Sus palabras y lágrimas fueron lo suficientemente elocuentes para mover a mucha de la gente a declarar. Un poco más tarde, en el coro de la parroquia y en presencia del contador Illorueta, del capitán Arias, del capitán Carranza, del vicario y cuatro filibusteros, la gente empezó a entregar sus joyas y dinero. Así, comenzaron a reunirse anillos, sarcillos, perlas, relicarios, gargantillas, pulseras y cajuelas, entre otras piezas de oro y plata, mismas que dieron un valor total de 1 400 pesos.

Es de mencionar el temor tan grande que sentían las mujeres, que una de ellas reportó tener ocultas en su casa alhajas por un valor de 7 mil pesos y otras más, ni la tumbaga conservaron. A estas joyas se añadió que varias personas declararon tener escondidas cantidades en reales que variaban entre los dos y cuatro mil pesos. Así, esa tarde, solo lo recolectado en la iglesia sumó más de cinco mil pesos. Sin embargo, los filibusteros no quedaron satisfechos, volviendo a decir que todos habrían de morir por no querer entregar la plata y que, además, quemarían la ciudad. Pero Van Hoorn, haciendo alarde de magnanimidad, finalmente dijo que “por esa poquedad les daba la vida”.[16] [17]

Esa noche, la guardia fue doblada en la parroquia y con los alfanjes en la mano, obligaron a que los cautivos tuvieran la cabeza agachada y guardaran silencio. Fue increíble que, habiendo tantos hombres, mujeres y criaturas, nadie chistaba ni se moviera. Pero no hubo tranquilidad, pues los mismos captores corrieron la voz de que los habían hecho callar para degollarlos, ¡Corni, corni, ya poco vivir ahora lo mirar! Repetían a gritos, por lo que esa noche nadie durmió esperando la hora en que los asesinarían. Además, súplicas y gritos salían de la sacristía, en donde los inhumanos asesinos y ladrones entraban para violar a varias mujeres que habían metido allí.

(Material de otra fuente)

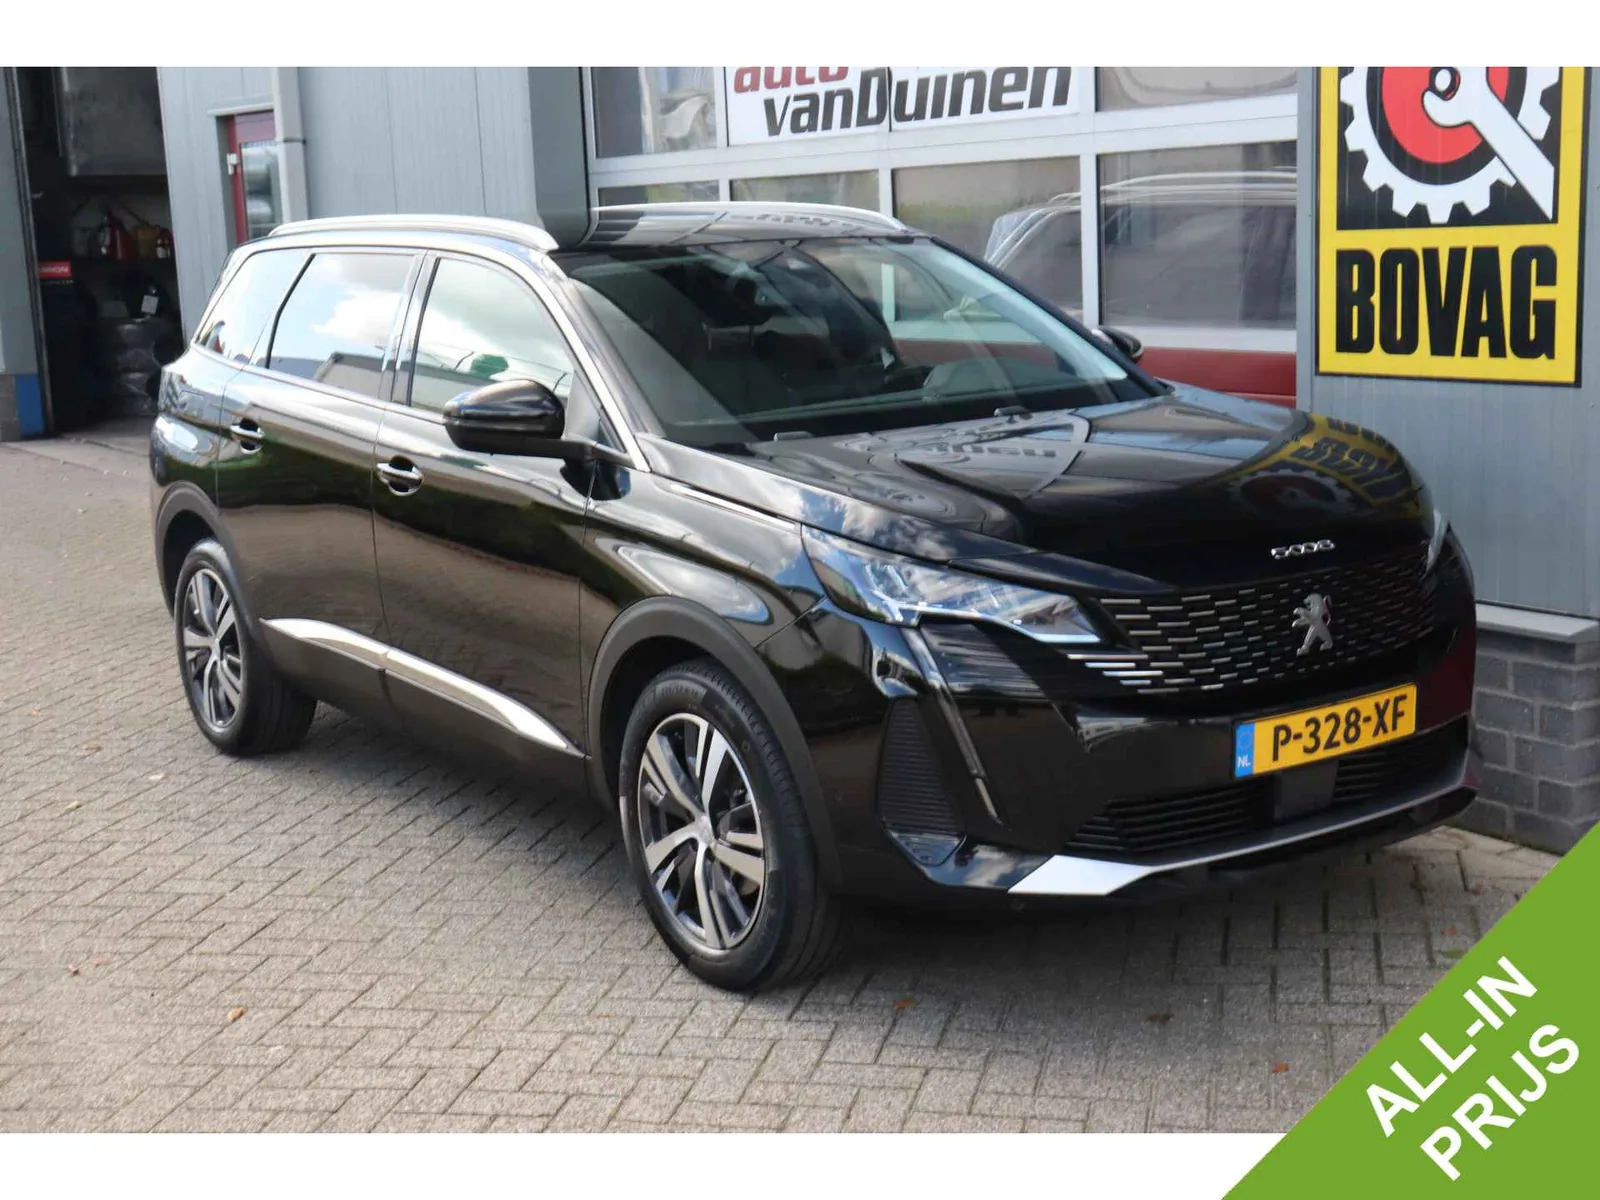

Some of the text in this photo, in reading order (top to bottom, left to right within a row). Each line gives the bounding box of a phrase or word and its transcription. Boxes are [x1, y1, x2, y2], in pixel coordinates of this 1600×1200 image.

[1335, 244, 1558, 360] BOVAG
[1237, 694, 1408, 768] NL P-328-XF

En medio de todo y dando el toque surrealista, un francés borracho que estaba de guardia, se la pasó diciendo incoherencias toda la noche.

Semejante situación se daba en las casas reales, donde los tres prelados recluidos permanecieron por horas esperando la muerte, pues cada vez que llegaba alguien, los amenazaba con quitarles la vida. Esto se intensificó aún más pasada la medianoche, cuando los filibusteros, ya borrachos, se tornaron más audaces y agresivos en contra ellos.[18]

(Continuará)

[1] Diego de Rivera, “Relación verdadera de la entrada que hizo el enemigo a la ciudad y puerto de la Nueva Veracruz con lo sucedido en un aviso que entró en ella en abril de este año de 1683. Escrito por el bachiller D. Diego de Rivera presbítero”, en Papeles varios del reinado de Felipe IV. Tomo II, p. 237

[2] Francisco Javier Alegre, Historia de la Compañía de Jesús en Nueva España, J. M. Lara, México, 1842, p. 36

[3] Por una errónea interpretación, se ha creído que la capilla a la que se hacer referencia y que se encontraba dentro de la parroquia, era la actual capilla del Cristo del Buen Viaje. 

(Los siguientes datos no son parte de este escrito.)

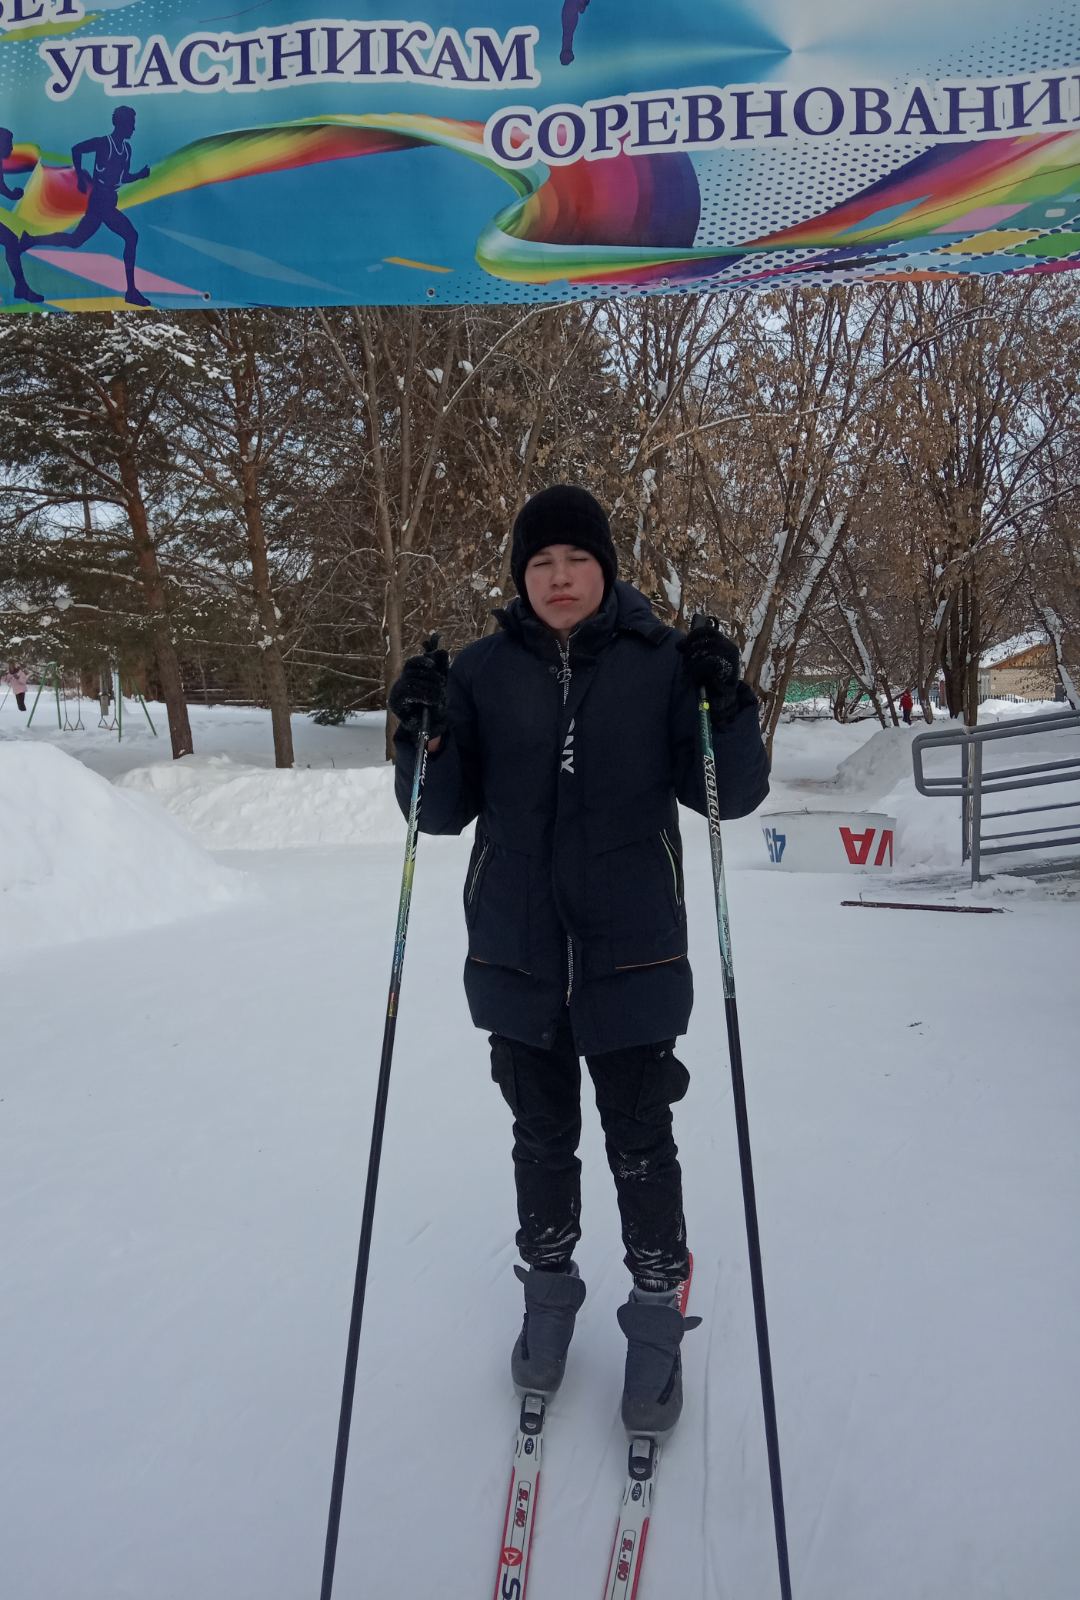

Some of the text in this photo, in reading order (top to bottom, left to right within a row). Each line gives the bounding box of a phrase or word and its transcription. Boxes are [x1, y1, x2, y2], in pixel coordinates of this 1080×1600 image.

[46, 27, 533, 94] УЧАСТНИКАМ
[703, 754, 721, 838] MOTOR
[762, 827, 787, 863] 45

[4] Juan Ávila, “Pillage de la ville de Veracruz par les pirates le 18 Mai 1683 (Expedición de Lorencillo), en Amoxcalli (sitio web), consultado el 1 de septiembre de 2018, http://amoxcalli.org.mx/paleografia.php?id=266,, f. 5v

[5] Agustín de Vertancurt, Crónica de la provincia del Santo Evangelio de México. Tomo III, Imprenta de I. Escalante, 1871, p. 243

[6] Agustín Villaroel, “Primera invasión de Veracruz por Lorenzo Jácome y Nicolás Banoren ocurrida en el año de 1683”, en Ignacio Cumplido, El Mosaico Mexicano o colección de amenidades curiosas. Tomo I, México, imprenta de Ignacio Cumplido, 1840, p. 401

[7] Portal de Archivos Españoles (PARES), “Autos contra el corregidor y otros”, Gobierno de España. Ministerio de Cultura y Deporte, (consultado el 27 de febrero de 2022), f.135

[8] Esta es la versión que da Agustín de Villarroel, Sacristán Mayor de la parroquia y testigo del ataque filibustero. Misma que contrasta con la dada por Agustín de Vetancourt, quien dice que a de Herrera “le echaron una soga al cuello con amenaza de ahorcarle porque descubriese si tenía algún dinero oculto”.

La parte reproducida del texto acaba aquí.